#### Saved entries

● ● ● ● ● ● ●

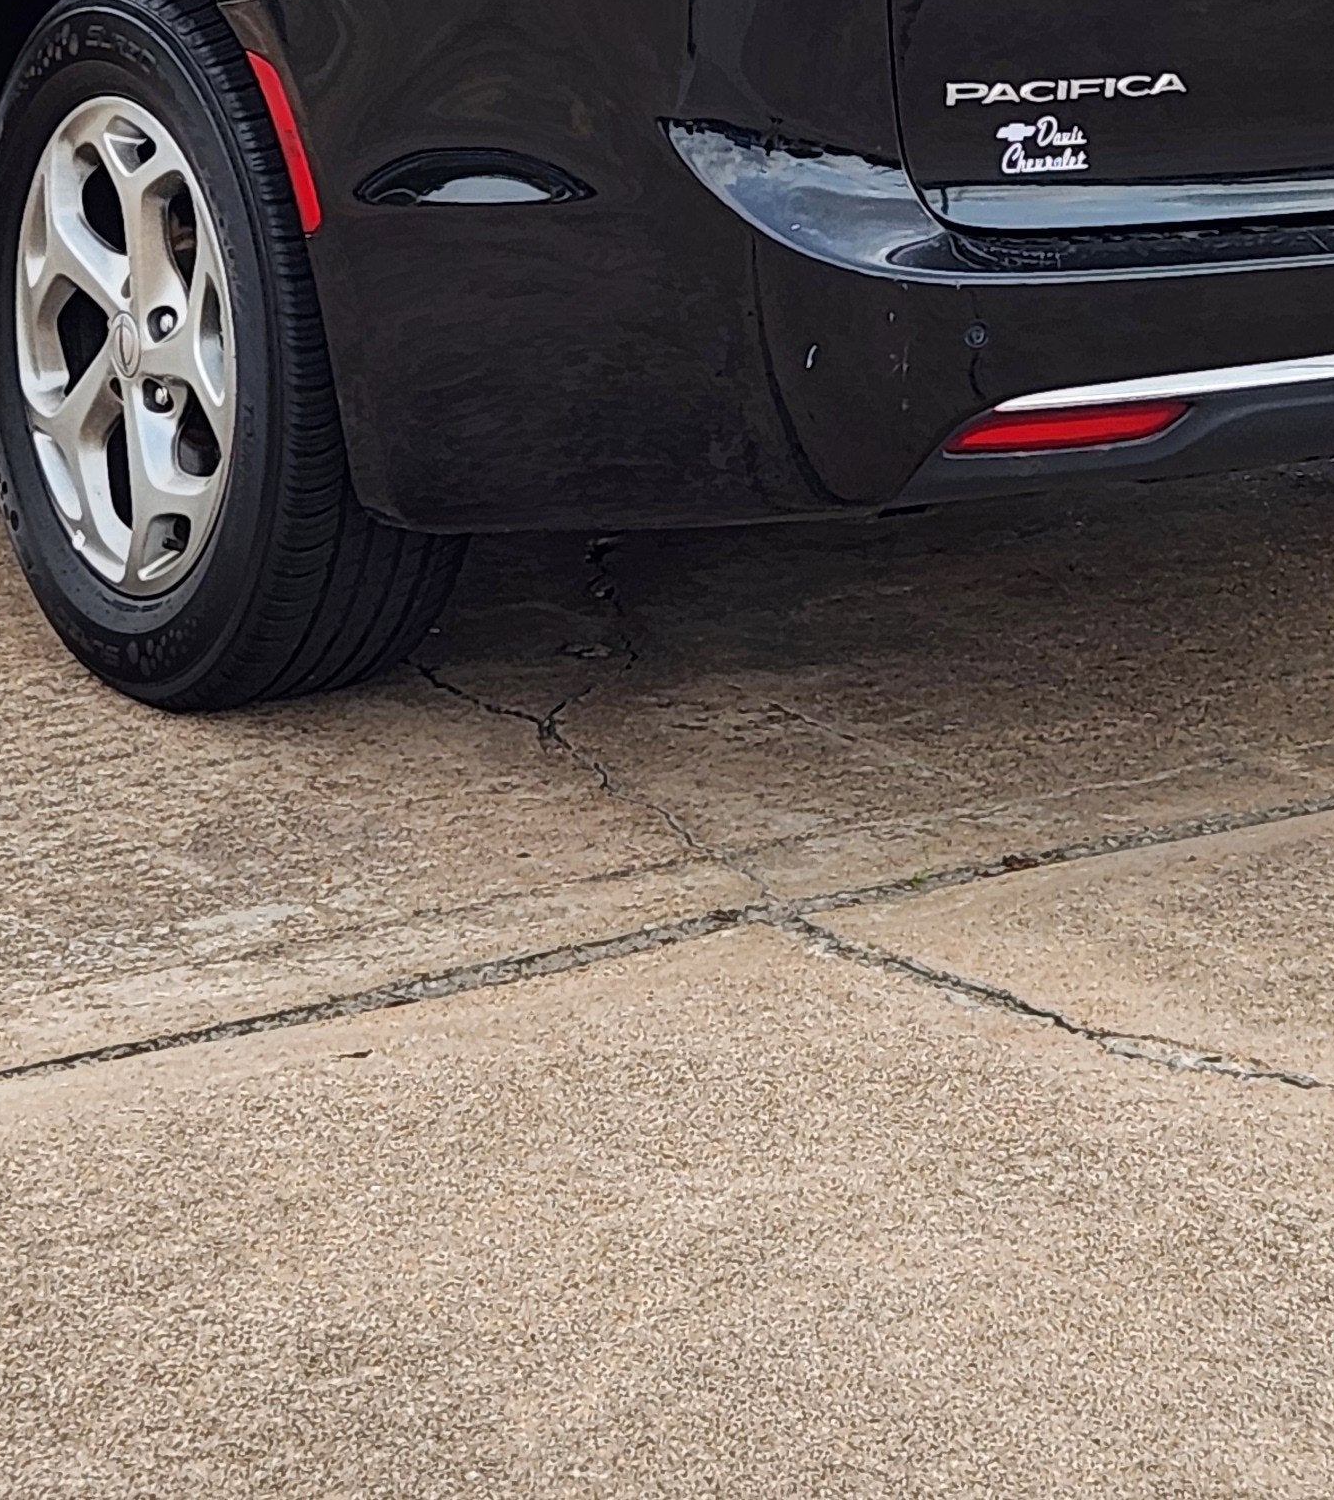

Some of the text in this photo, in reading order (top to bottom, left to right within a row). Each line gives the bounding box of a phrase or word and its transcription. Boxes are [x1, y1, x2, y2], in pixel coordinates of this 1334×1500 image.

[945, 73, 1187, 107] PACIFICA
[1036, 115, 1088, 147] Davis
[1001, 142, 1089, 174] Chevrolet
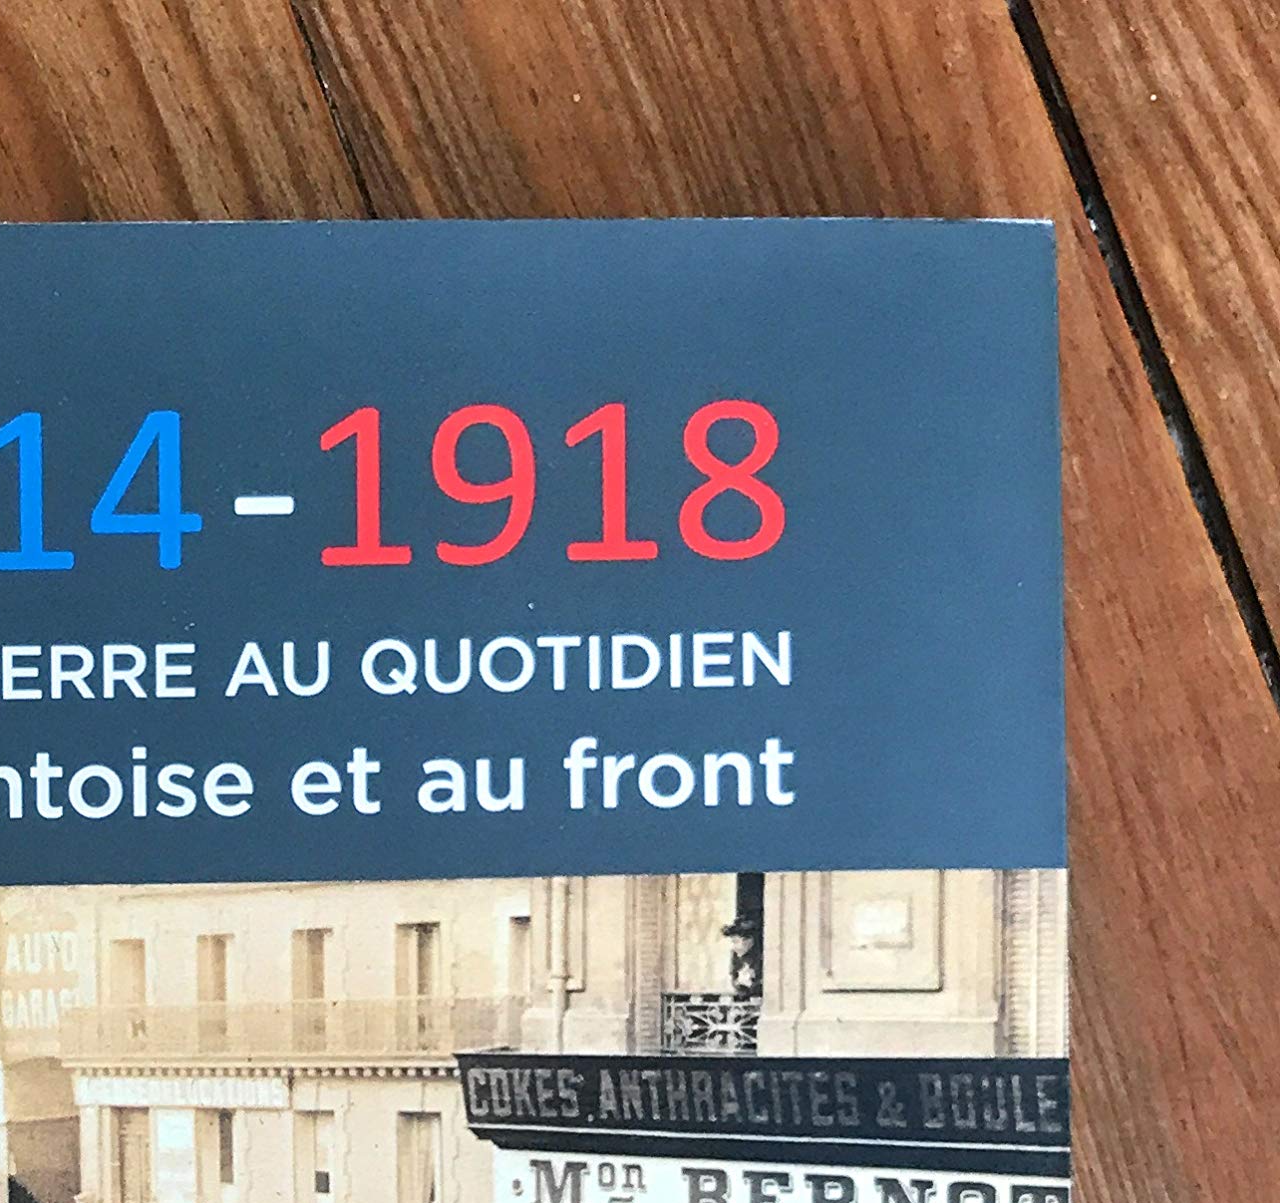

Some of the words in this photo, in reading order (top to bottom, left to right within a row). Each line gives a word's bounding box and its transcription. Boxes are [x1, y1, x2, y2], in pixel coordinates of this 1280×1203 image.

● ● ● ● ● ● ●

#### Exercise prompt
Every line above goes into the copy unchanged; the pictures do not.

#### Your response
Some of the text in this photo, in reading order (top to bottom, left to right within a row). Each line gives the bounding box of a phrase or word and its transcription. Boxes are [x1, y1, x2, y2], in pixel coordinates of this 1334×1500 image.

[945, 73, 1187, 107] PACIFICA
[1036, 115, 1088, 147] Davis
[1001, 142, 1089, 174] Chevrolet

Some of the words in this photo, in reading order (top to bottom, left to right within a row). Each line gives a word's bounding box and its transcription. Boxes are [x1, y1, x2, y2], in pixel coordinates of this 1280×1203 image.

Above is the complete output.